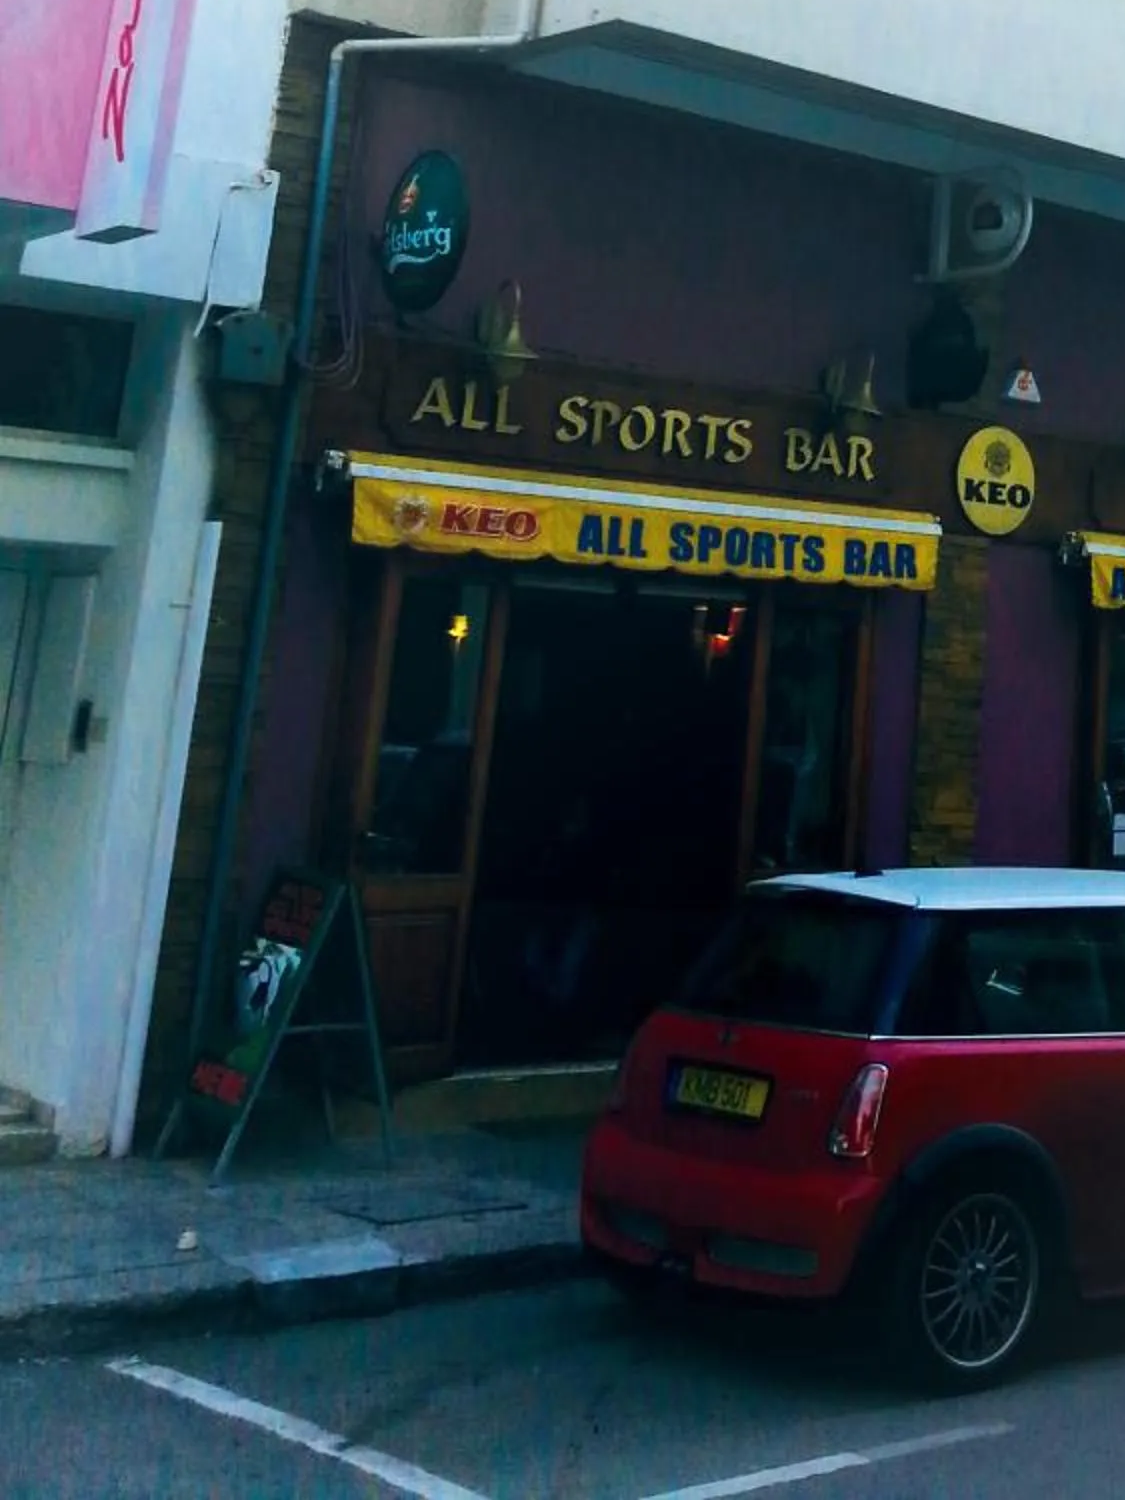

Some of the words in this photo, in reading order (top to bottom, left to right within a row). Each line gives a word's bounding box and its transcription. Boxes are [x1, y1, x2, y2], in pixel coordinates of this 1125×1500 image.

[411, 377, 522, 434] ALL
[555, 395, 753, 464] SPORTS
[783, 428, 876, 482] BAR
[964, 478, 1031, 508] KEO
[439, 503, 541, 542] KEO
[577, 514, 647, 559] ALL
[668, 522, 825, 574] SPORTS
[843, 539, 917, 580] BAR

Your objective
Repeat the listing above word for word, omitting the pictures.

Solved problem
Some of the words in this photo, in reading order (top to bottom, left to right within a row). Each line gives a word's bounding box and its transcription. Boxes are [x1, y1, x2, y2], in pixel coordinates of this 1125×1500 image.

[411, 377, 522, 434] ALL
[555, 395, 753, 464] SPORTS
[783, 428, 876, 482] BAR
[964, 478, 1031, 508] KEO
[439, 503, 541, 542] KEO
[577, 514, 647, 559] ALL
[668, 522, 825, 574] SPORTS
[843, 539, 917, 580] BAR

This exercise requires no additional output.